ACTIVITY. Transcribe all of the records, leaving out any pictures.

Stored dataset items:
== Segment start ==

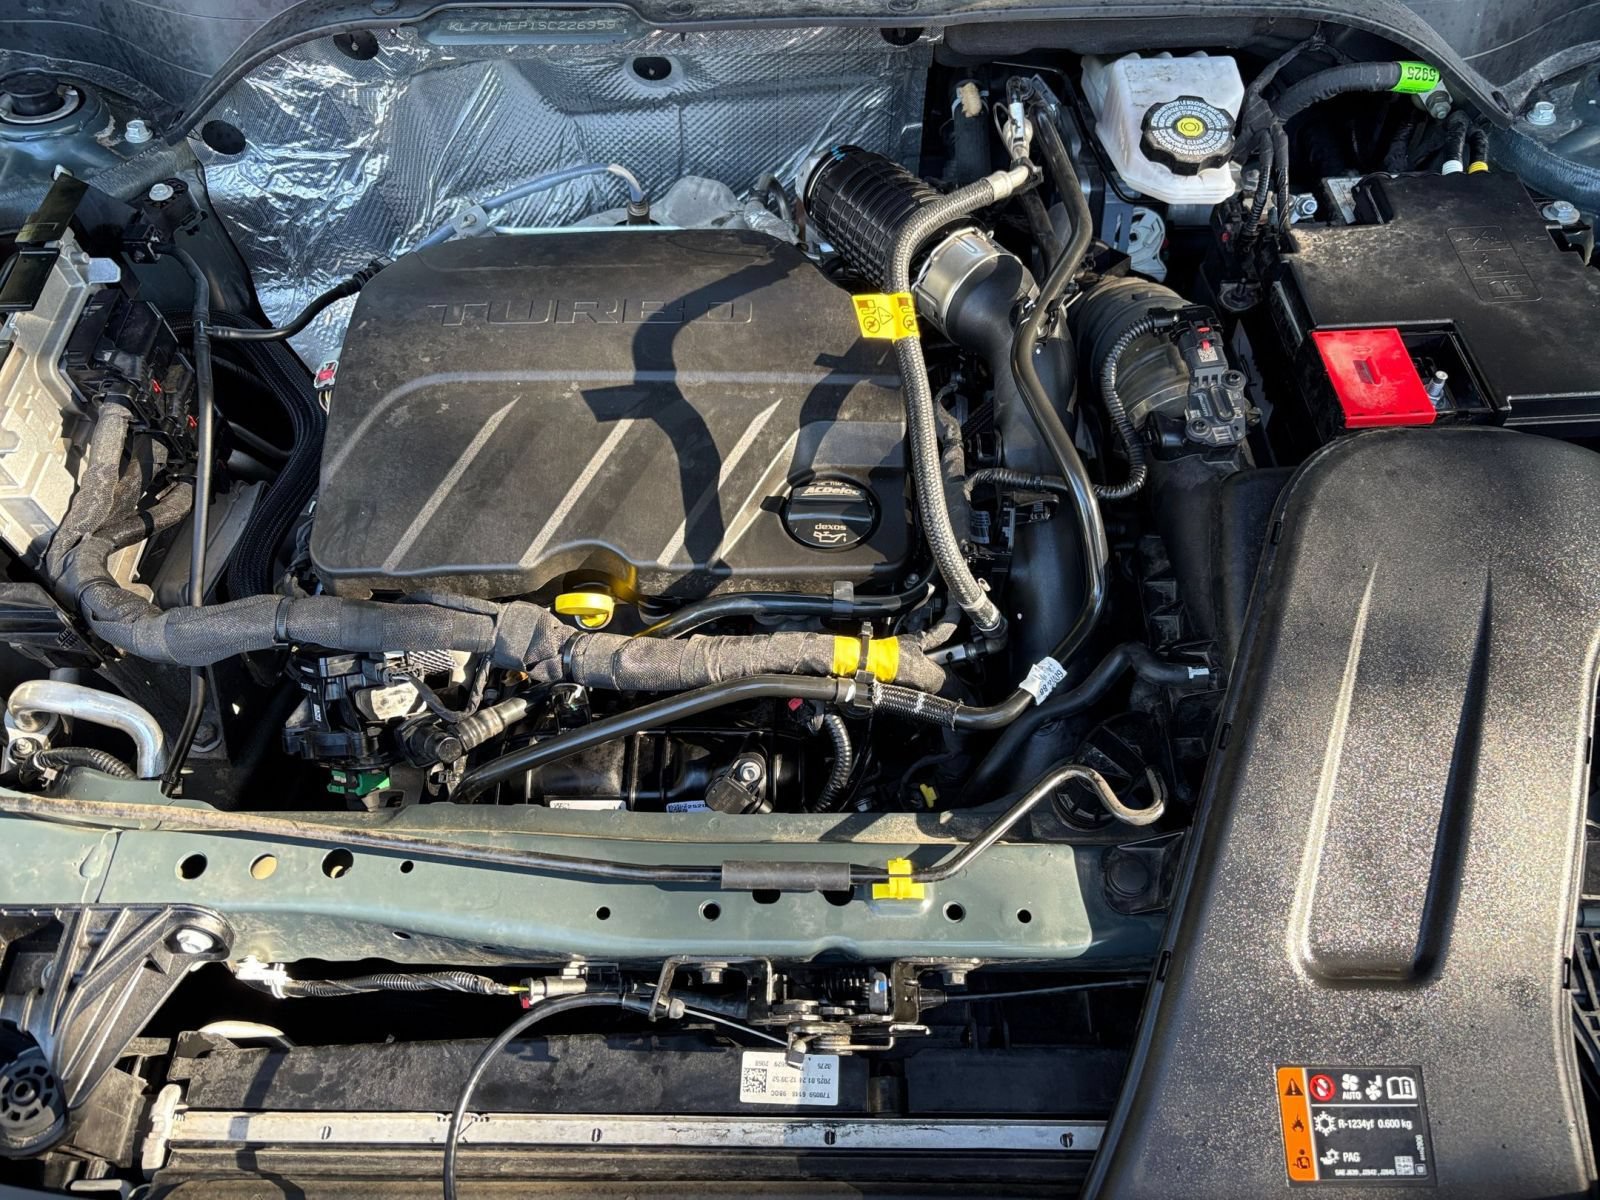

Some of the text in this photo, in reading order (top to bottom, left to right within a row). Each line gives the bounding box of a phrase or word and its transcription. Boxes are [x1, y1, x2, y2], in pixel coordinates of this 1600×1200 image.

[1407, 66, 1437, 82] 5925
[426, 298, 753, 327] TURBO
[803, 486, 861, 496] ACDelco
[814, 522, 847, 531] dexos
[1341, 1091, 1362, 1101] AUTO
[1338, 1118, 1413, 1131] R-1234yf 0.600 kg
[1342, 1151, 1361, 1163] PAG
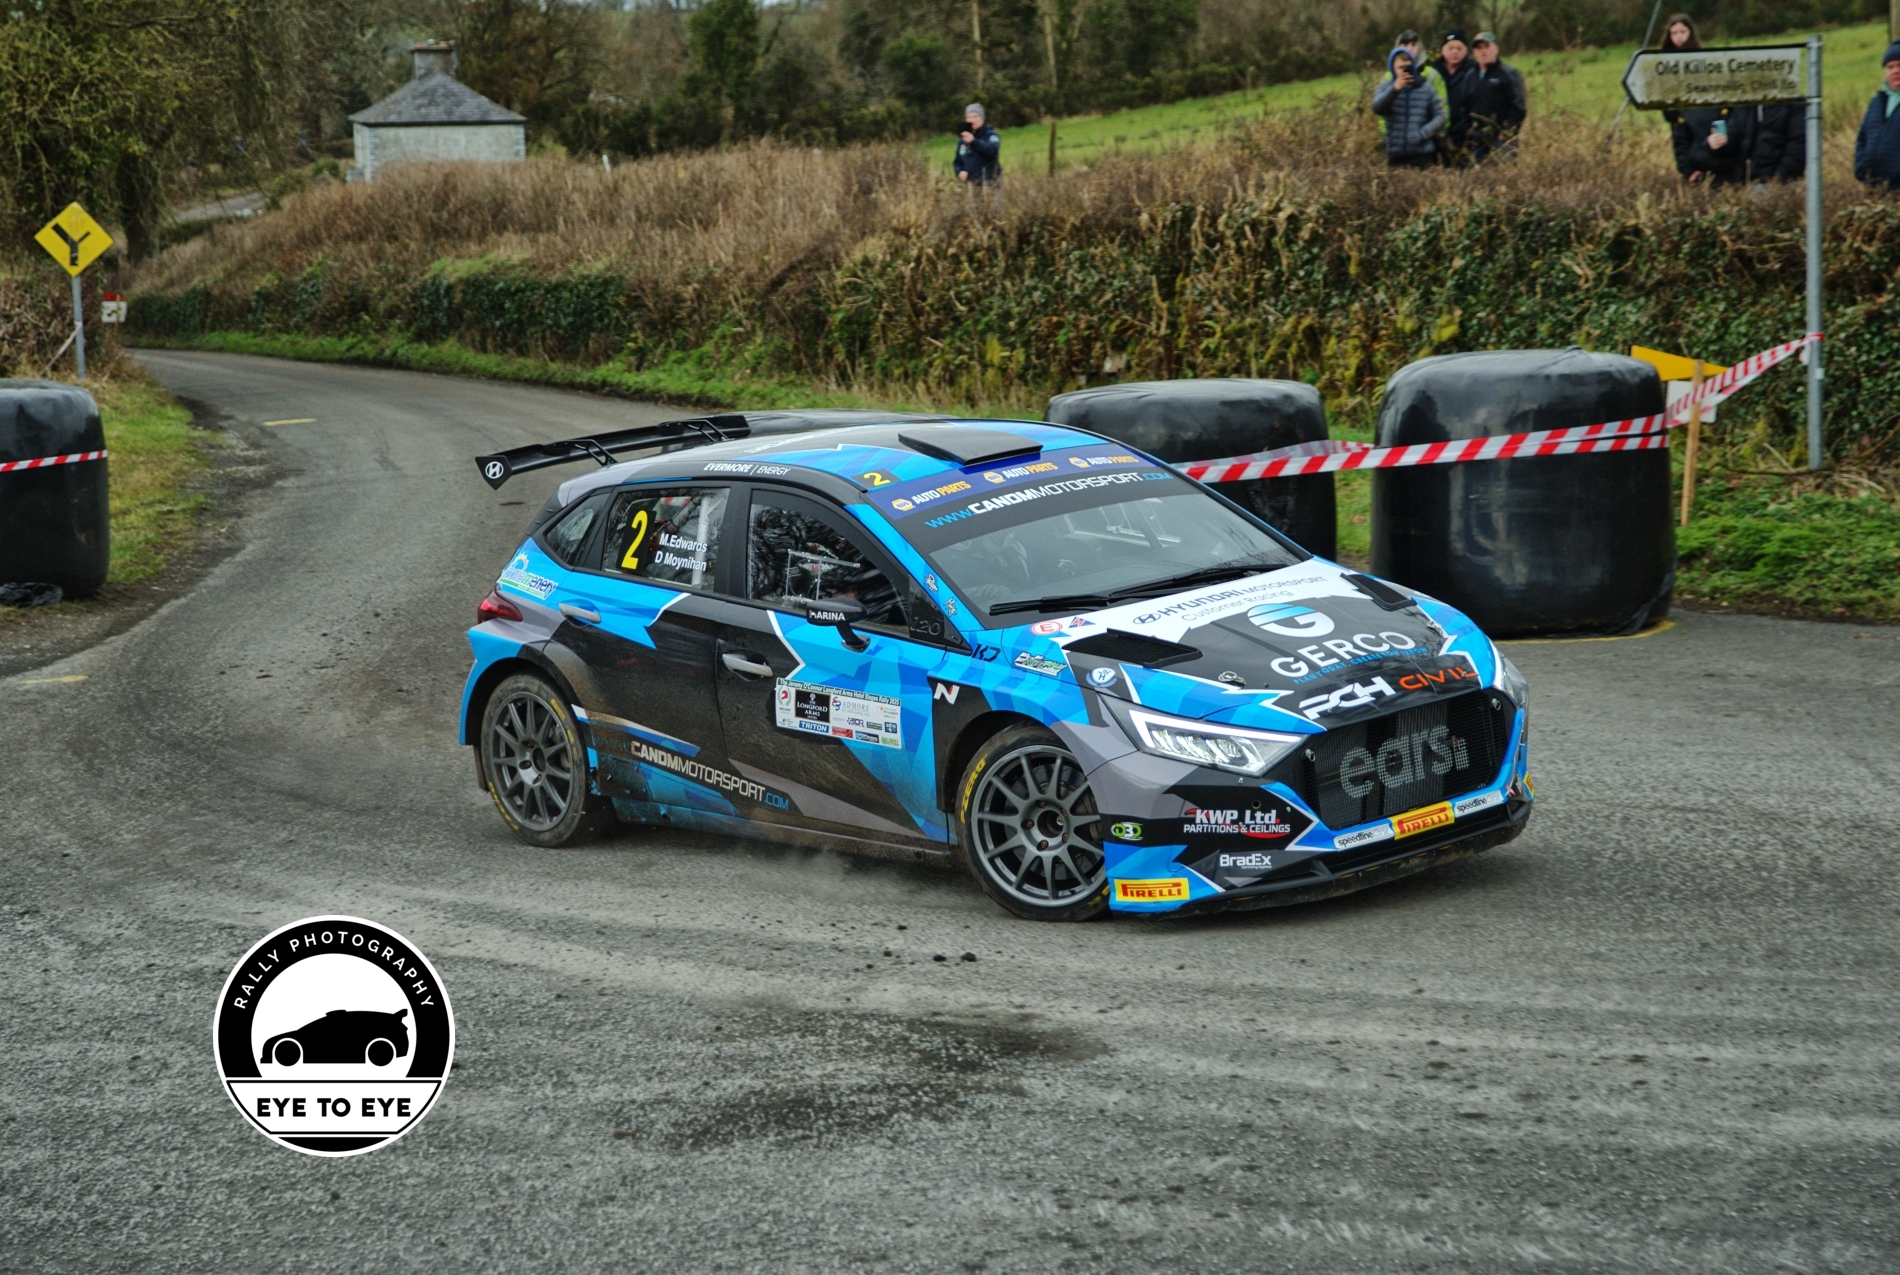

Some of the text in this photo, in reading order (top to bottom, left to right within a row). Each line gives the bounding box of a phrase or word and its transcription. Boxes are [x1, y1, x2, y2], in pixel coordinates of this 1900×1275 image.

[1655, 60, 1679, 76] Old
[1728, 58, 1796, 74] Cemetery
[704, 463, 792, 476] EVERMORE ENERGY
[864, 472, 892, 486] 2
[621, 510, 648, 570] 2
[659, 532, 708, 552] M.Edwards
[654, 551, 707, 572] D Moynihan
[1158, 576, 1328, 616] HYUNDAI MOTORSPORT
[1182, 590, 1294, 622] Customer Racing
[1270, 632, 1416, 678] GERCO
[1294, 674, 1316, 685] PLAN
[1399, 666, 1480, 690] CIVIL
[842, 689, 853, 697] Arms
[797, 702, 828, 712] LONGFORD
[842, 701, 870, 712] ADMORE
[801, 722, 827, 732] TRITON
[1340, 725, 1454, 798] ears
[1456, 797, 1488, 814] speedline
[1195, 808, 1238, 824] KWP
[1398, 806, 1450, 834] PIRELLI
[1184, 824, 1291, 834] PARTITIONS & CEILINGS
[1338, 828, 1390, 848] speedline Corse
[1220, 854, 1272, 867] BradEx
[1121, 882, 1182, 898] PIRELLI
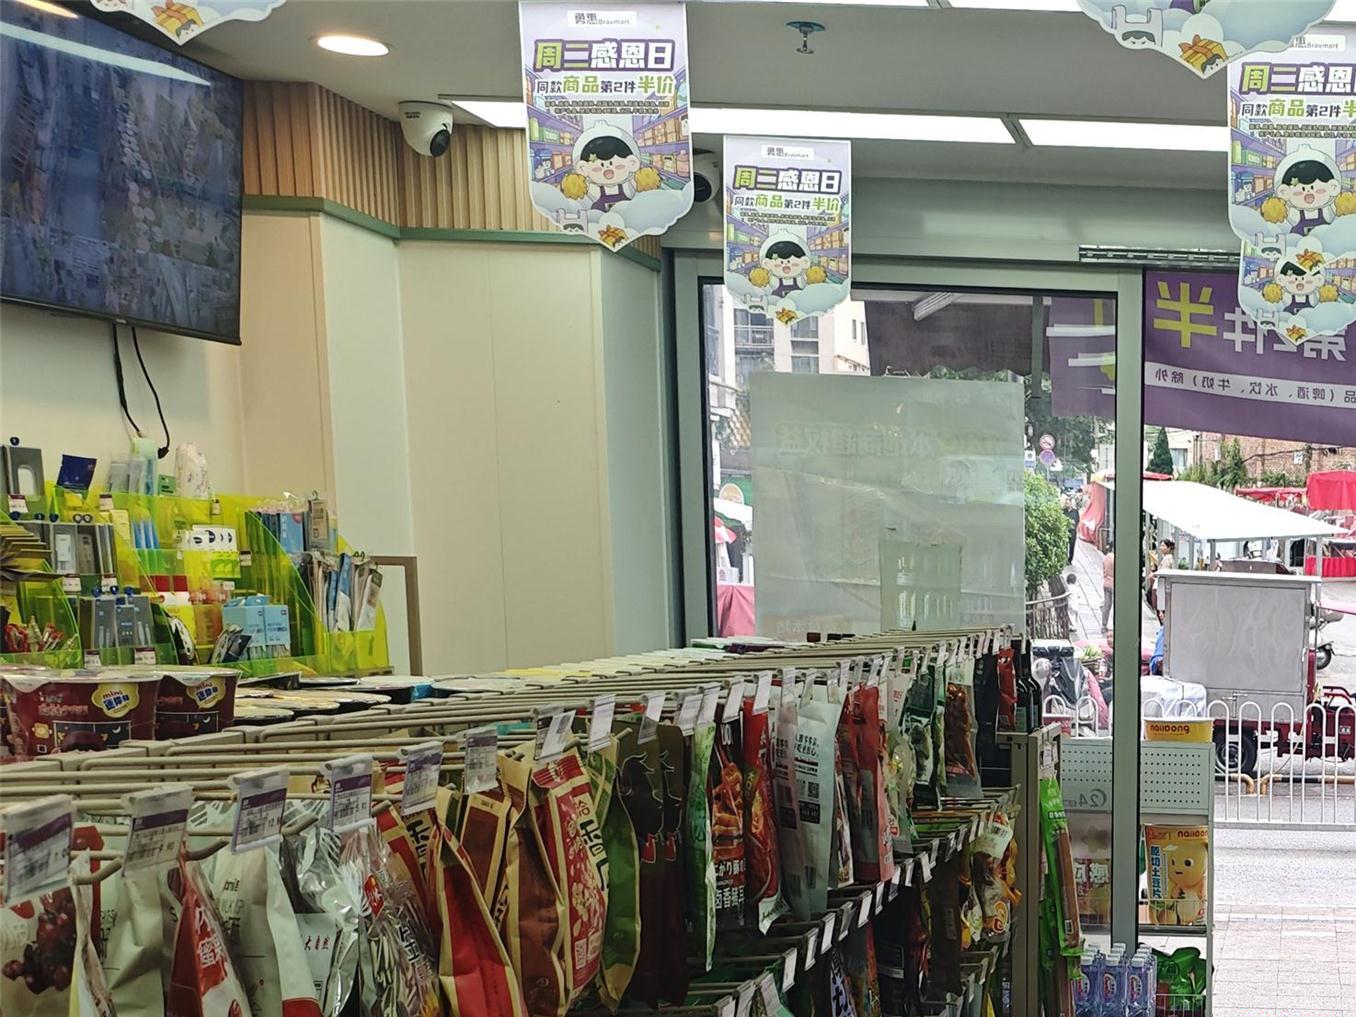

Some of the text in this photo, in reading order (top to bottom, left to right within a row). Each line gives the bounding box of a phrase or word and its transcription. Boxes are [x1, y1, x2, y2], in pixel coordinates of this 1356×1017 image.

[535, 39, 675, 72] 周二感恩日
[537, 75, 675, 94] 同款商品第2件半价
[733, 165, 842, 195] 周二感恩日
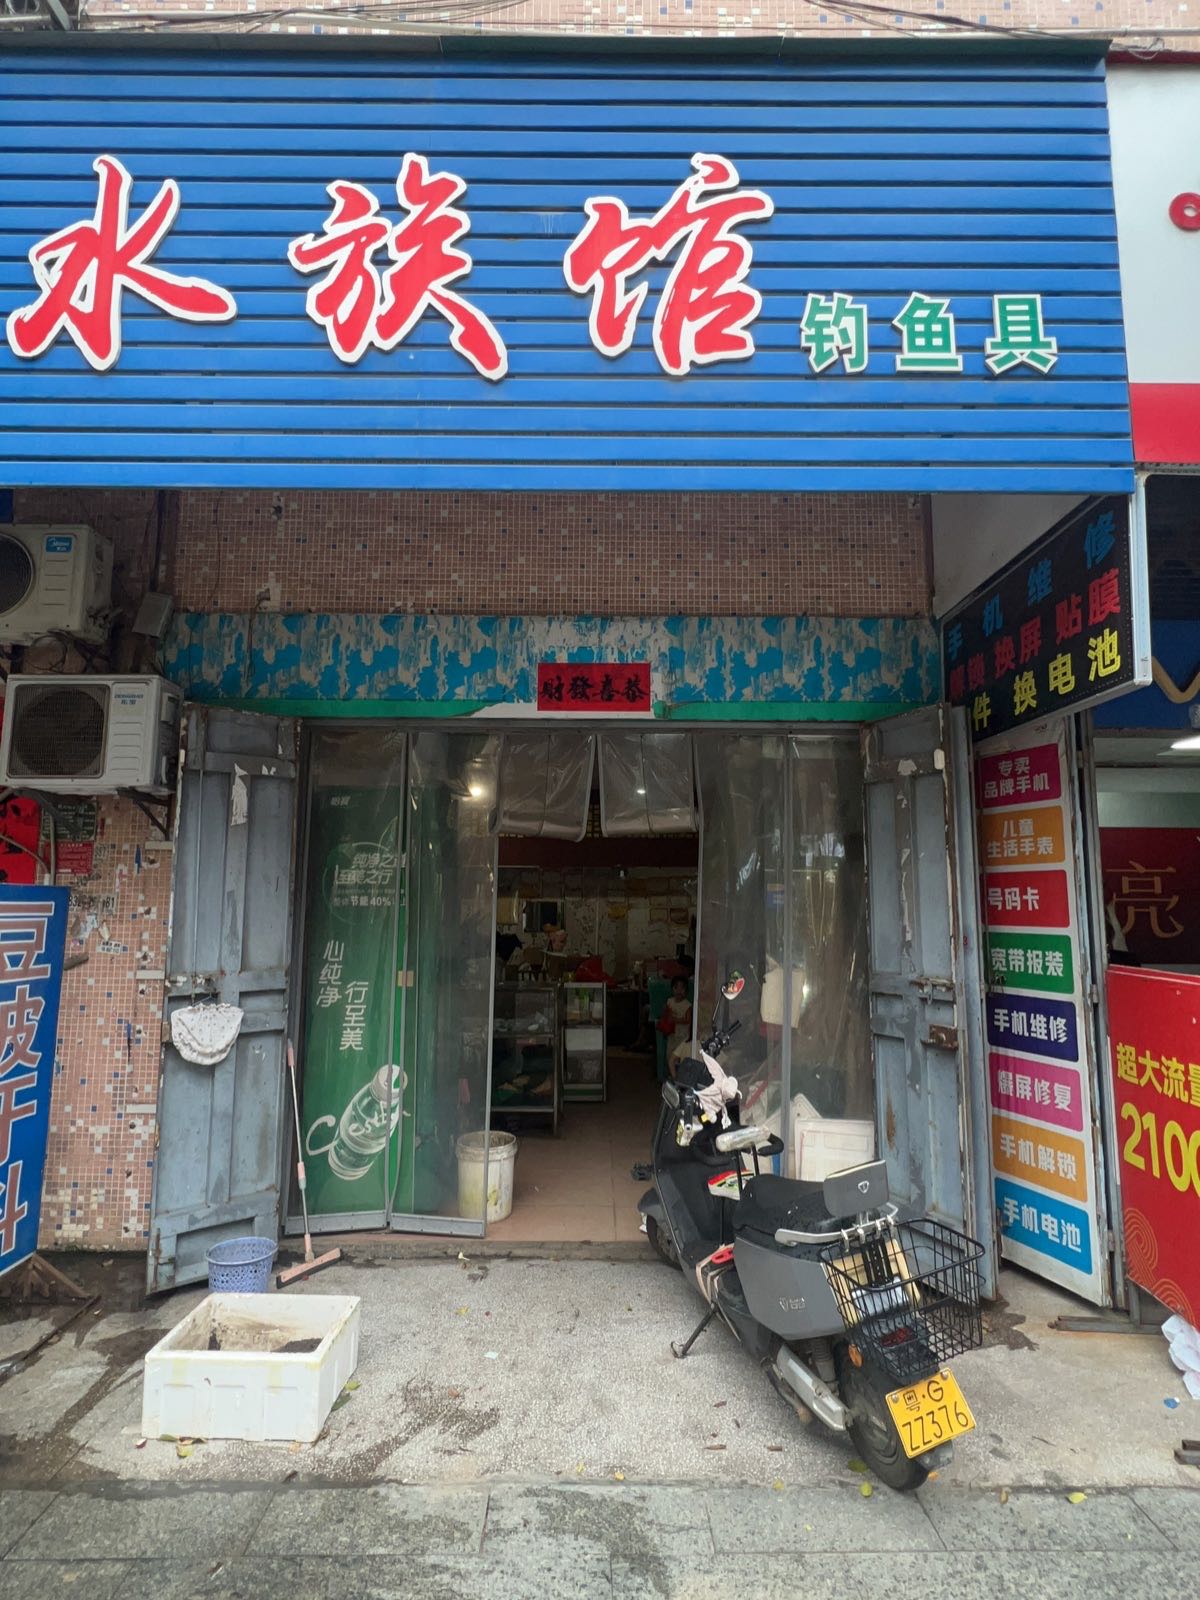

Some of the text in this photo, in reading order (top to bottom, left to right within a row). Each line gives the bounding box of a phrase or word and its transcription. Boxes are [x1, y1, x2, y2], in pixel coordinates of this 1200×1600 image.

== Segment end ==

WRITTEN REPLY.
Some of the text in this photo, in reading order (top to bottom, left to right within a row). Each line gives the bounding box of a phrase or word and its transcription. Boxes are [x1, y1, x2, y2], in pixel coordinates of this 1600×1200 image.

[1407, 66, 1437, 82] 5925
[426, 298, 753, 327] TURBO
[803, 486, 861, 496] ACDelco
[814, 522, 847, 531] dexos
[1341, 1091, 1362, 1101] AUTO
[1338, 1118, 1413, 1131] R-1234yf 0.600 kg
[1342, 1151, 1361, 1163] PAG

Some of the text in this photo, in reading order (top to bottom, left to right within a row). Each line gives the bounding box of a phrase or word and its transcription. Boxes are [x1, y1, x2, y2], in pixel coordinates of this 1900×1275 image.

[1655, 60, 1679, 76] Old
[1728, 58, 1796, 74] Cemetery
[704, 463, 792, 476] EVERMORE ENERGY
[864, 472, 892, 486] 2
[621, 510, 648, 570] 2
[659, 532, 708, 552] M.Edwards
[654, 551, 707, 572] D Moynihan
[1158, 576, 1328, 616] HYUNDAI MOTORSPORT
[1182, 590, 1294, 622] Customer Racing
[1270, 632, 1416, 678] GERCO
[1294, 674, 1316, 685] PLAN
[1399, 666, 1480, 690] CIVIL
[842, 689, 853, 697] Arms
[797, 702, 828, 712] LONGFORD
[842, 701, 870, 712] ADMORE
[801, 722, 827, 732] TRITON
[1340, 725, 1454, 798] ears
[1456, 797, 1488, 814] speedline
[1195, 808, 1238, 824] KWP
[1398, 806, 1450, 834] PIRELLI
[1184, 824, 1291, 834] PARTITIONS & CEILINGS
[1338, 828, 1390, 848] speedline Corse
[1220, 854, 1272, 867] BradEx
[1121, 882, 1182, 898] PIRELLI

Some of the text in this photo, in reading order (top to bottom, left to right within a row). Each line gives the bounding box of a phrase or word and its transcription. Boxes are [x1, y1, x2, y2], in pixel coordinates of this 1356×1017 image.

[535, 39, 675, 72] 周二感恩日
[537, 75, 675, 94] 同款商品第2件半价
[733, 165, 842, 195] 周二感恩日

Some of the text in this photo, in reading order (top to bottom, left to right within a row). Each line gives the bounding box of a phrase or word and its transcription. Boxes are [x1, y1, x2, y2], in pixel coordinates of this 1200×1600 image.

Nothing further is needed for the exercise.